Terbaca jelas, Khalifah berusaha meneguhkan argumen bahwa memakai cadar lebih berat bertumpu pada kerangka kultural ketimbang pada anjuran agama. Argumen itu terbaca secara naratif: Rasyid, suami Khalifah, menyuruhnya memakai jilbab karena ia seorang penjaja barang-barang bikinan Arab Saudi; Fatimah, kenalan Khalifah, pernah tinggal sepuluh tahun di Arab sehingga ia bercadar dan menguatkan Khalifah untuk juga terus bercadar; Yoga, tetangga Khalifah, bekerja di Arab Saudi sehingga pernah mengirimi Khalifah beberapa cadar.

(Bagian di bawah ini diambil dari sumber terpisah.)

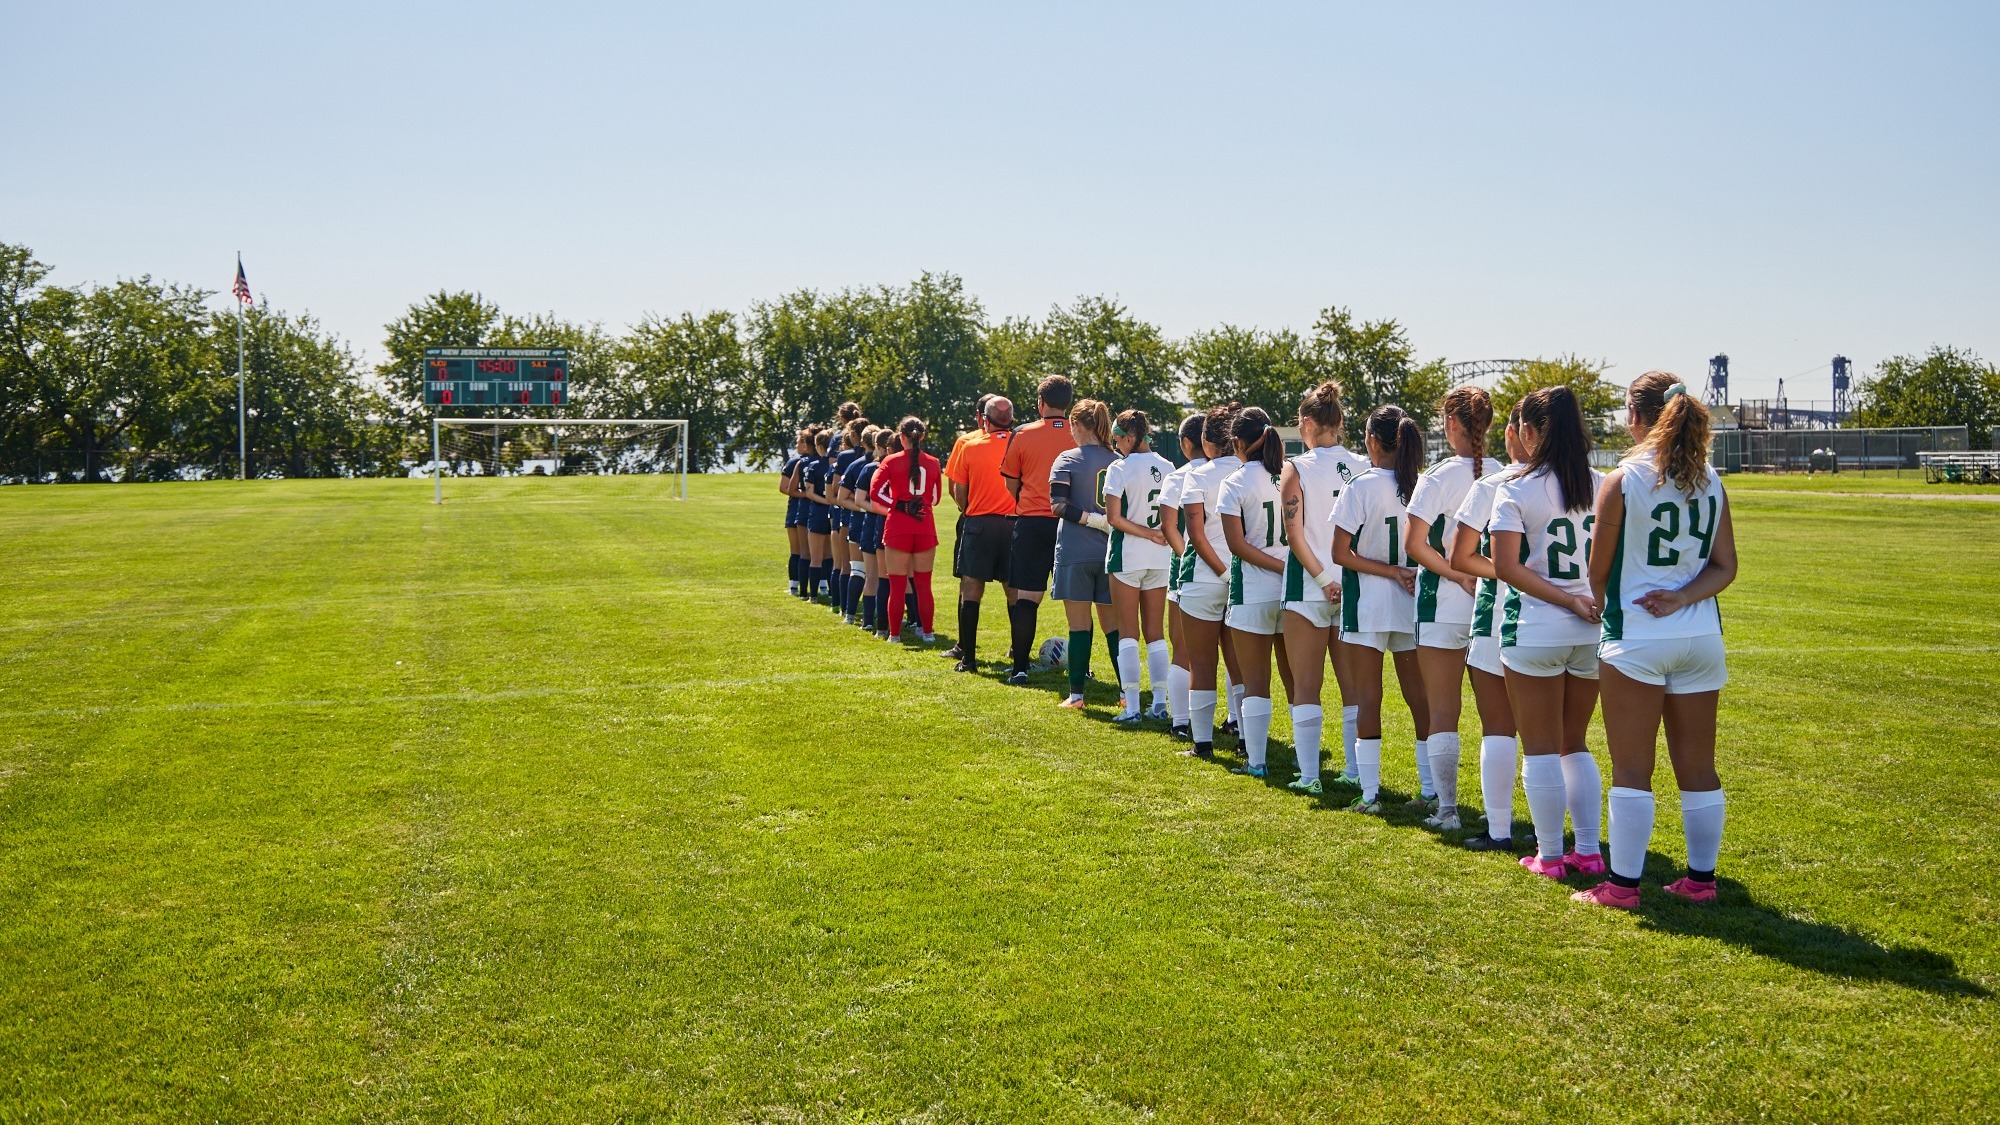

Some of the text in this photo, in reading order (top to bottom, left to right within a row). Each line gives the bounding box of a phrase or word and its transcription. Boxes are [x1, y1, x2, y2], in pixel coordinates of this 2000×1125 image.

[478, 360, 516, 373] 45:00
[438, 367, 448, 381] 0
[554, 367, 563, 381] 0
[431, 382, 455, 391] SHOTS
[508, 382, 533, 391] SHOTS
[442, 390, 452, 405] 0
[521, 390, 530, 404] 0
[552, 390, 561, 404] 0
[1146, 489, 1161, 528] 3
[1263, 501, 1288, 547] 1
[1646, 495, 1717, 566] 24

Argumen itu juga menyaluri simbol-simbol yang ramai bertebaran, seperti parfum, sajadah, hiasan dinding, yang semuanya kearab-araban. Sehingga memperbesar kemungkinan agar penonton bisa sampai pada kesimpulan bahwa cadar juga sama saja dengan komoditas itu semua, bagian dari kehidupan orang Arab, yang sebenarnya tak begitu perlu ditimbang berdasar terminologi-terminologi agama. Hal yang lebih asik lagi, bahasa suara yang diwakilkan oleh tata musik besutan Djaduk Ferianto pun bernuansa kearab-araban, sangat “tidak konteks” dengan rasa film yang sangatlah Indonesia. Musik arab, dalam hemat saya, berusaha untuk selalu menghantui penonton dengan argumen: Cadar itu Arab, bukan Islam.

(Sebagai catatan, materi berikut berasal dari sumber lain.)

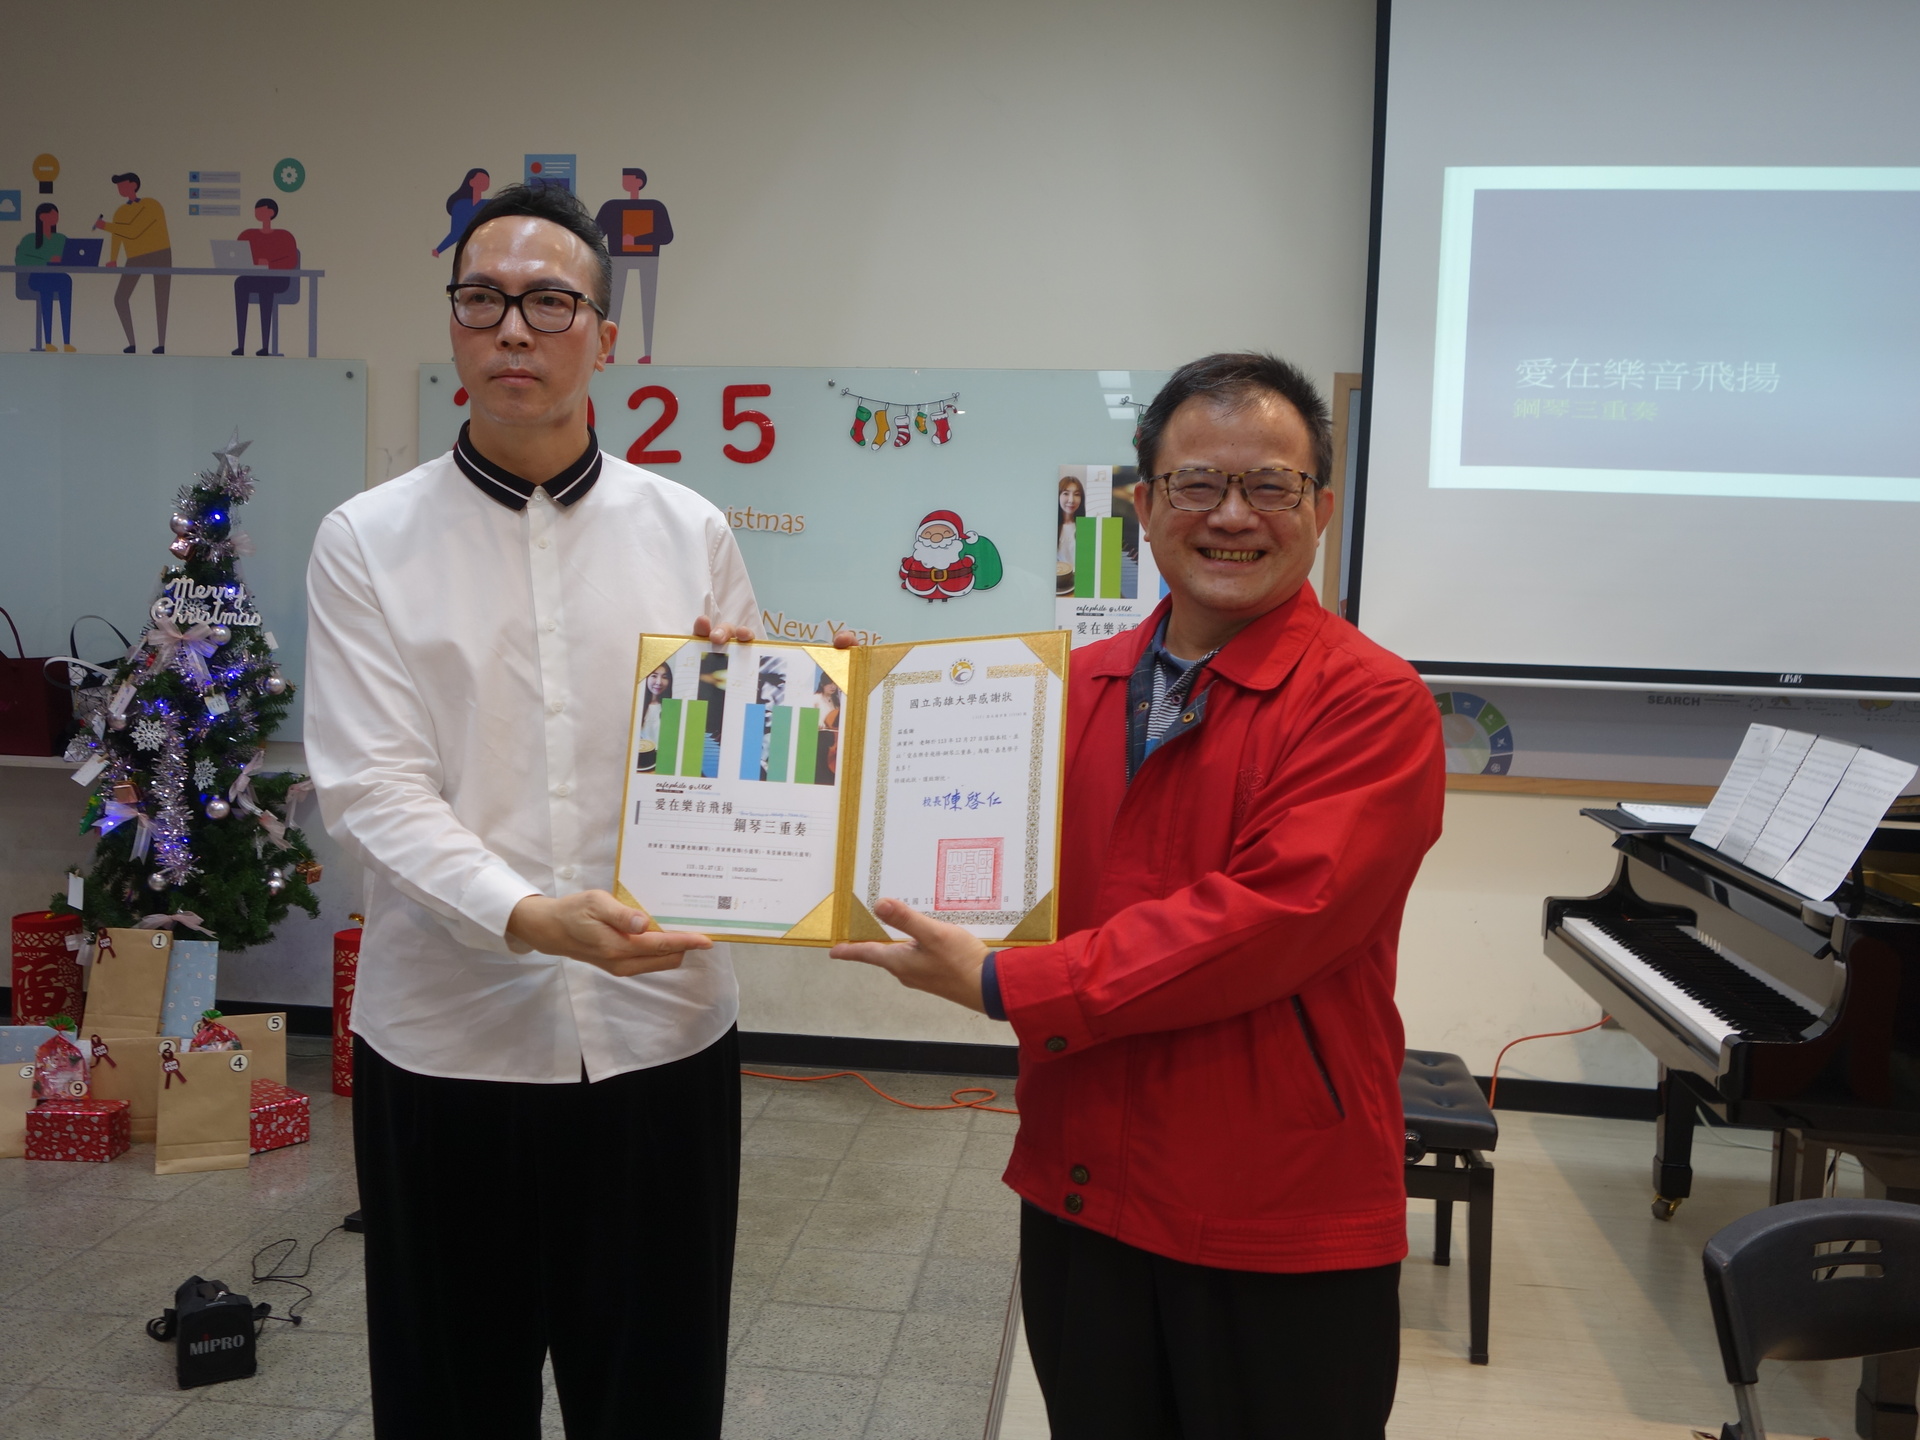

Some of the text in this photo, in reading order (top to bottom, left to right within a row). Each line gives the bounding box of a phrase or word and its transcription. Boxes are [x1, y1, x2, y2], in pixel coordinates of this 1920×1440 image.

Khalifah, tanpa menyinggung kelemahan teknisnya yang begitu kaya, menambah campuran warna dalam modus bercerita film-film dakwah dalam konteks Indonesia. Sebab alih-alih untuk merendahkan manusia dihadapan Tuhan sebagaimana yang disebutkan Usmar Ismail di depan, Khalifah juga meninjau kemungkinan manusia untuk tidak sekedar merendah dan memaklumi kekurangan, melainkan juga menyadari fungsi, amanat, dan kelebihannya sebagai khalifah secara sosial: pemimpin, setidaknya bagi diri sendiri.

Khalifah | 2011 | Sutradara: Nurman Hakim | Negara: Indonesia | Pemain: Marsha Timothy, Indra Herlambang, Ben Joshua, Titi Sjuman, Jajang C. Noer.